→ **Records for this task**:
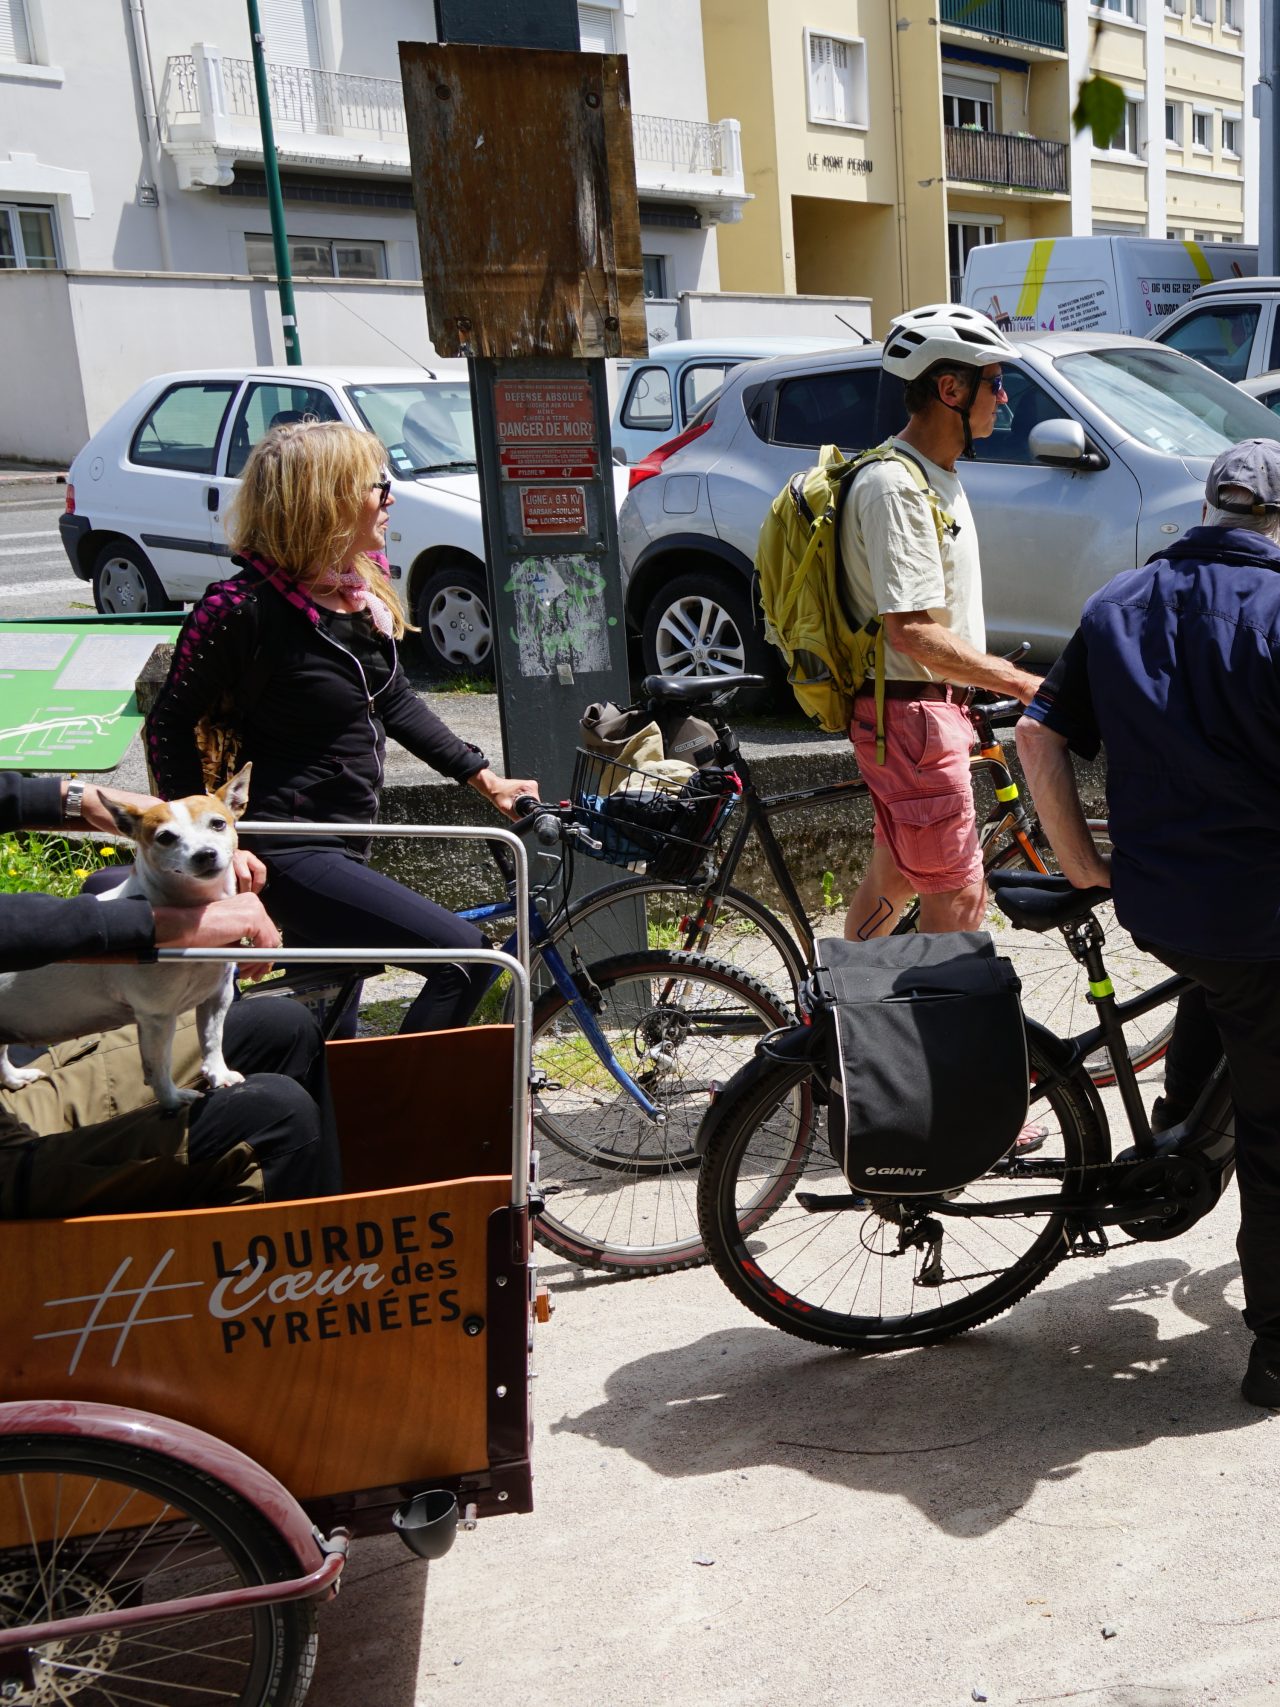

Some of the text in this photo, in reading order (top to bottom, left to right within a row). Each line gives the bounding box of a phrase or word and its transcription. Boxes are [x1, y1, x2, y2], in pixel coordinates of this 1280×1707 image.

[808, 152, 819, 167] LE
[822, 155, 843, 169] MONT
[1162, 283, 1171, 293] 49
[1172, 283, 1181, 293] 62
[1182, 283, 1191, 293] 62
[546, 392, 583, 402] ABSOLUE
[500, 422, 544, 436] DANGER
[546, 422, 561, 436] DE
[562, 468, 573, 478] 47
[526, 495, 548, 505] LIGNE
[877, 1168, 926, 1176] GIANT
[212, 1212, 455, 1278] LOURDES
[208, 1254, 458, 1319] Cœur des
[221, 1288, 462, 1354] PYRÉNÉES
[269, 1618, 284, 1696] SCHWALBE
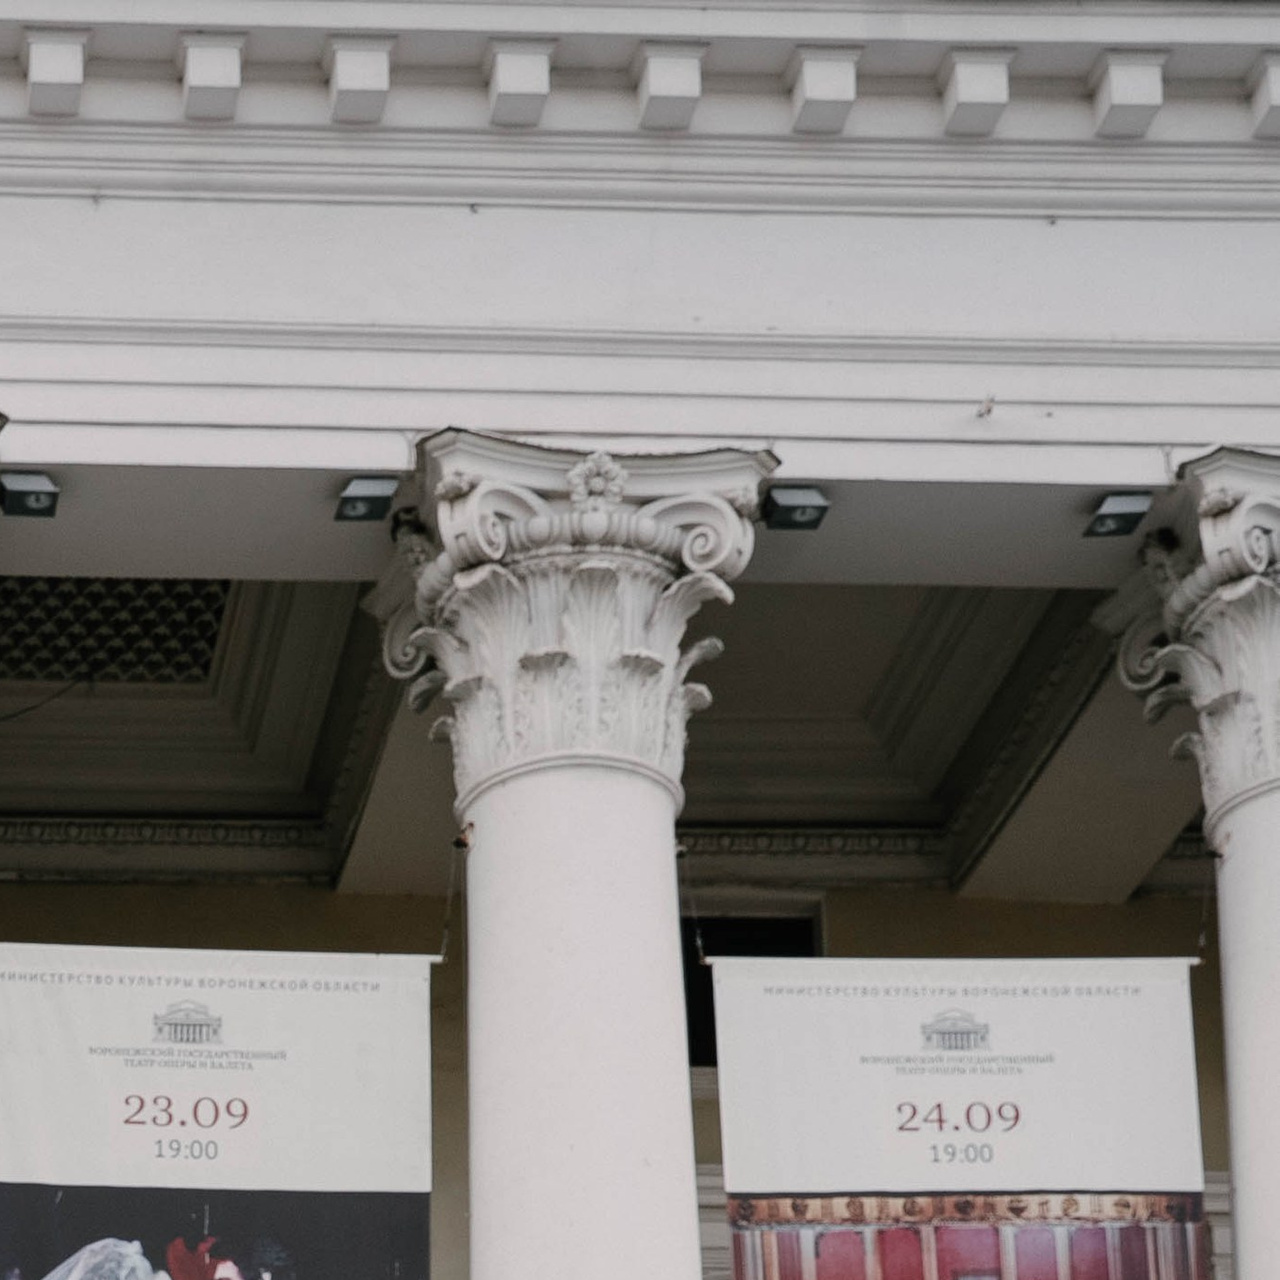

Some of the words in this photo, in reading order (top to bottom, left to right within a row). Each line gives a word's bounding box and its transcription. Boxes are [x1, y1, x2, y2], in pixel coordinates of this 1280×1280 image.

[119, 974, 193, 987] КУЛЬТУРЫ
[198, 977, 308, 991] ВОРОНЕЖСКОЙ
[312, 980, 380, 992] ОБЛАСТИ
[123, 1094, 249, 1129] 23.09
[896, 1101, 1020, 1133] 24.09
[154, 1138, 218, 1160] 19:00
[930, 1142, 994, 1163] 19:00
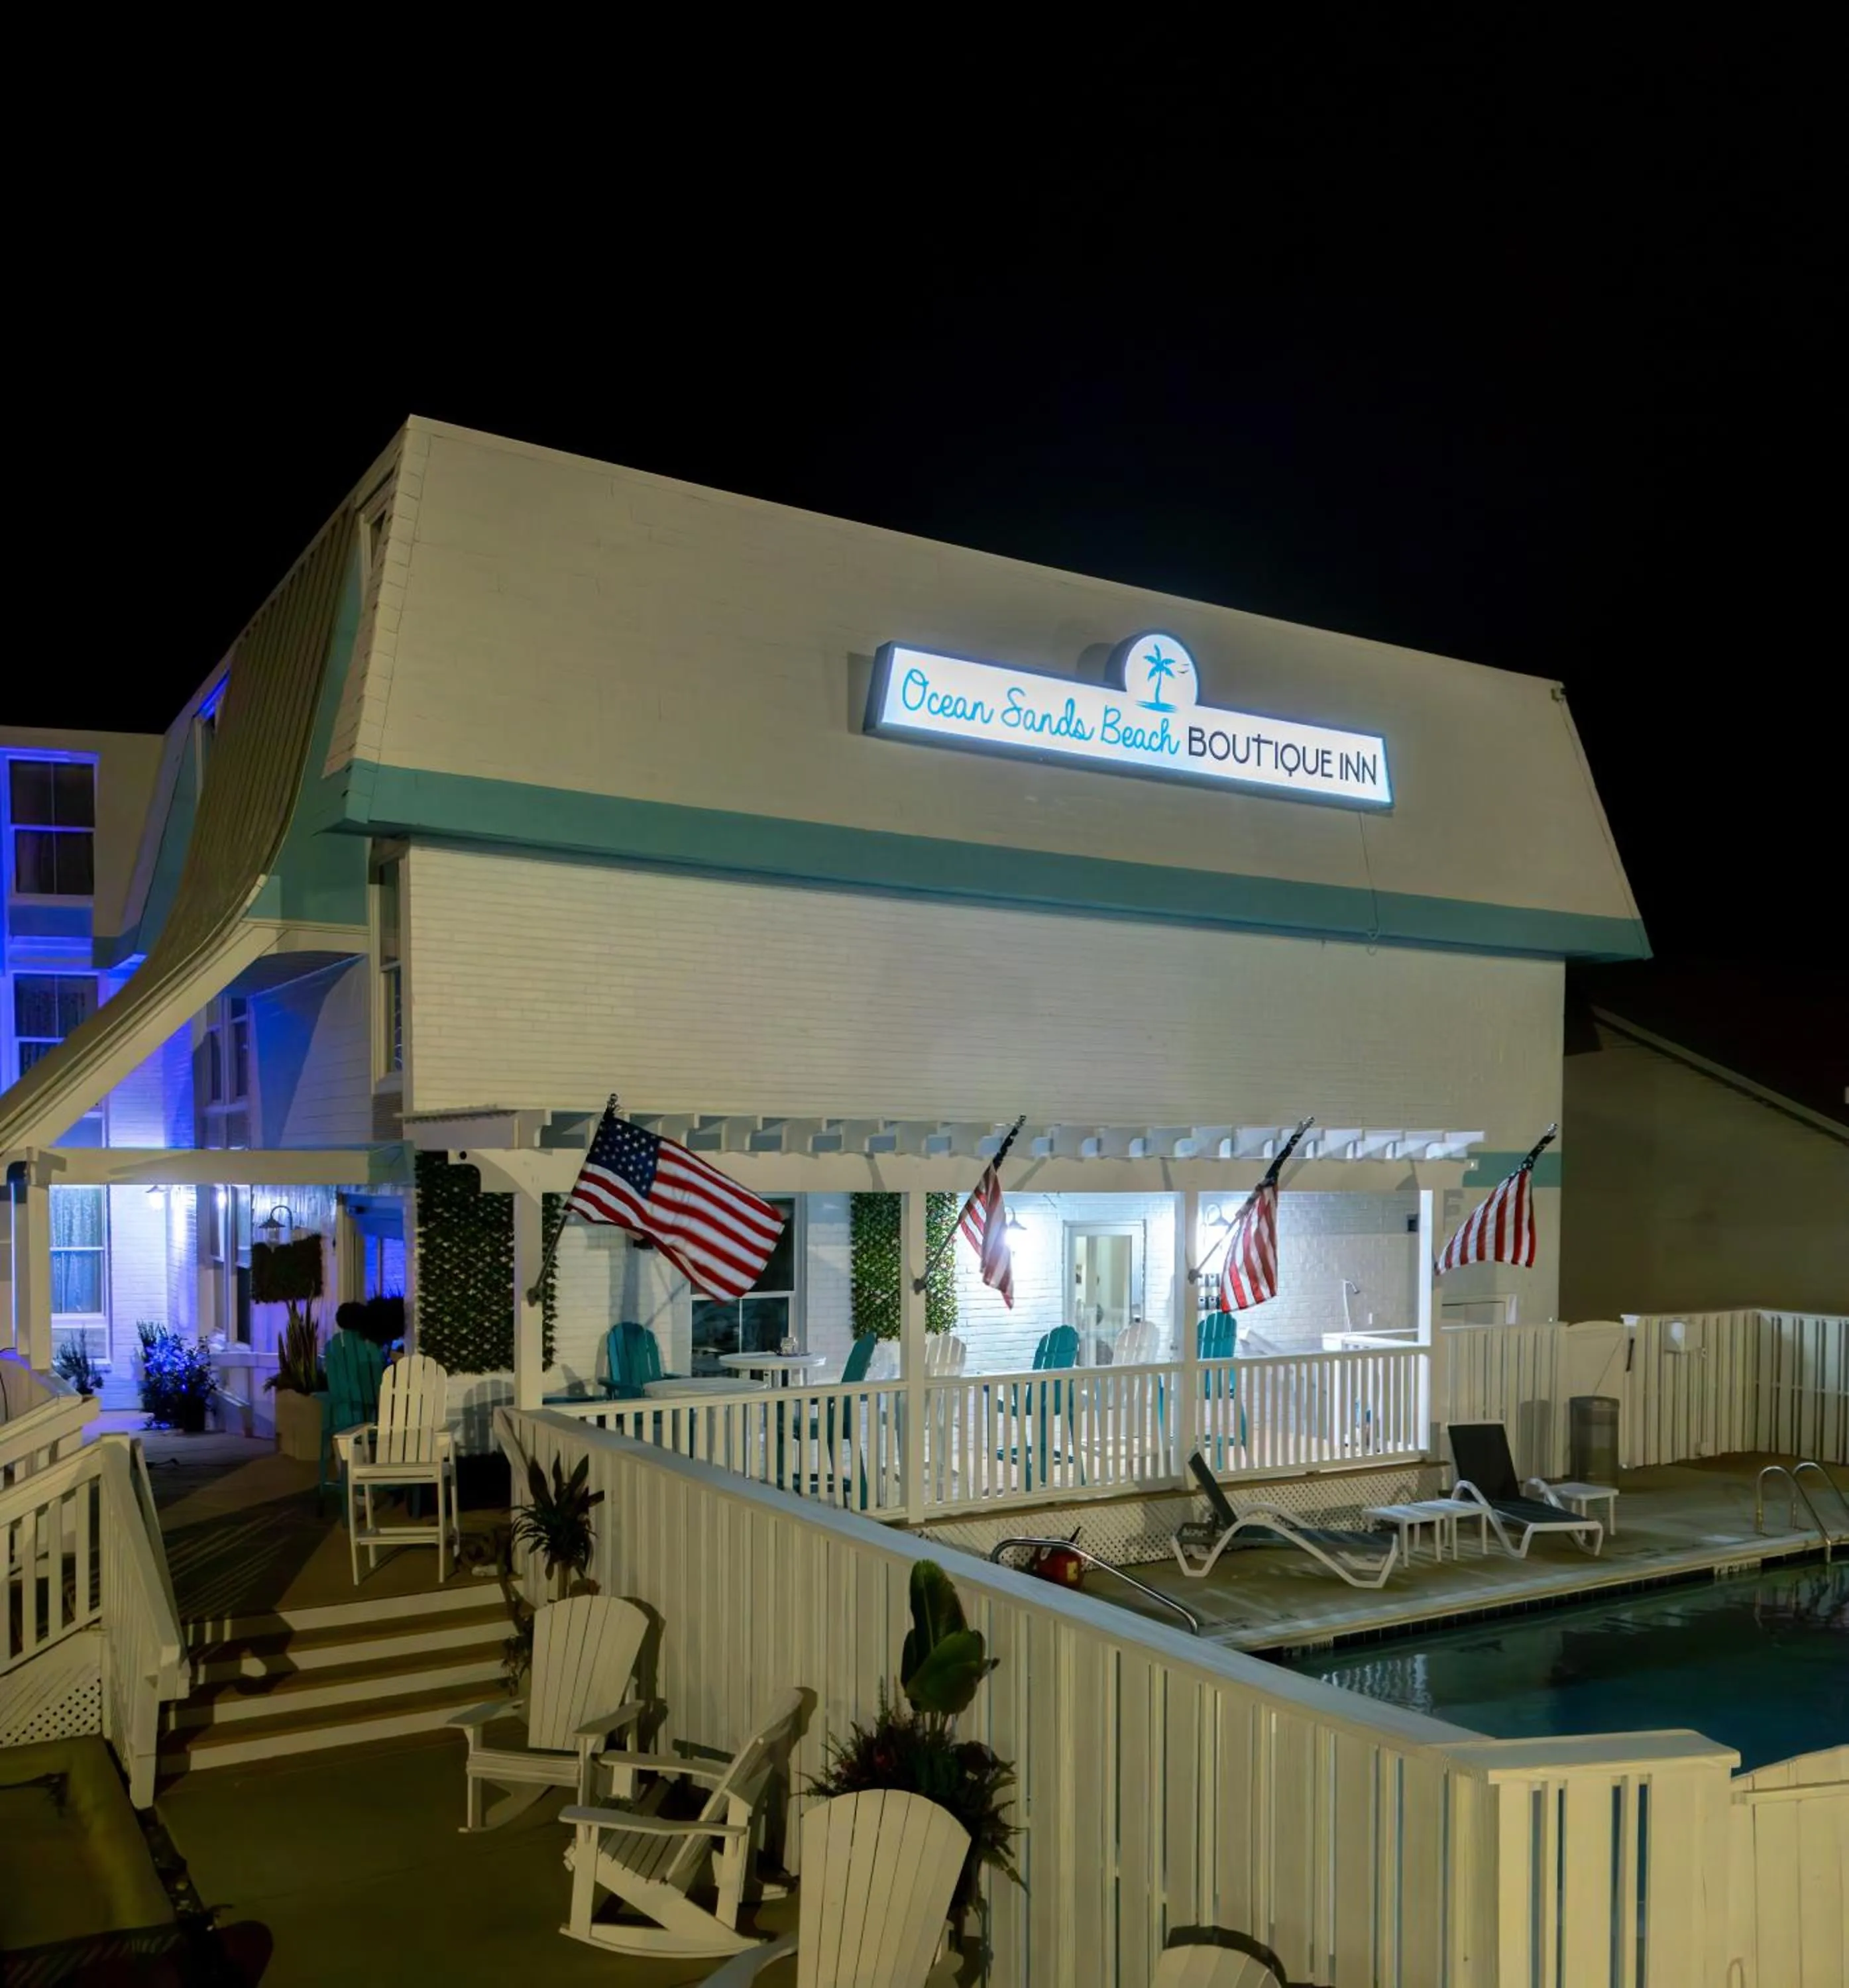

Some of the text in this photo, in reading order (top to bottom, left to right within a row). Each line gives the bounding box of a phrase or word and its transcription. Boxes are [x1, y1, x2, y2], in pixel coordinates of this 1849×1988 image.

[901, 668, 1378, 786] Ocean Sands Beach BOUTIQUE INN

→ **Task objective**: Restate the whole of the material word for word without the pictures.

→ **Result**:
Some of the text in this photo, in reading order (top to bottom, left to right within a row). Each line gives the bounding box of a phrase or word and its transcription. Boxes are [x1, y1, x2, y2], in pixel coordinates of this 1280×1707 image.

[808, 152, 819, 167] LE
[822, 155, 843, 169] MONT
[1162, 283, 1171, 293] 49
[1172, 283, 1181, 293] 62
[1182, 283, 1191, 293] 62
[546, 392, 583, 402] ABSOLUE
[500, 422, 544, 436] DANGER
[546, 422, 561, 436] DE
[562, 468, 573, 478] 47
[526, 495, 548, 505] LIGNE
[877, 1168, 926, 1176] GIANT
[212, 1212, 455, 1278] LOURDES
[208, 1254, 458, 1319] Cœur des
[221, 1288, 462, 1354] PYRÉNÉES
[269, 1618, 284, 1696] SCHWALBE

Some of the words in this photo, in reading order (top to bottom, left to right within a row). Each line gives a word's bounding box and its transcription. Boxes are [x1, y1, x2, y2], in pixel coordinates of this 1280×1280 image.

[119, 974, 193, 987] КУЛЬТУРЫ
[198, 977, 308, 991] ВОРОНЕЖСКОЙ
[312, 980, 380, 992] ОБЛАСТИ
[123, 1094, 249, 1129] 23.09
[896, 1101, 1020, 1133] 24.09
[154, 1138, 218, 1160] 19:00
[930, 1142, 994, 1163] 19:00

Some of the text in this photo, in reading order (top to bottom, left to right within a row). Each line gives the bounding box of a phrase or word and its transcription. Boxes are [x1, y1, x2, y2], in pixel coordinates of this 1849×1988 image.

[901, 668, 1378, 786] Ocean Sands Beach BOUTIQUE INN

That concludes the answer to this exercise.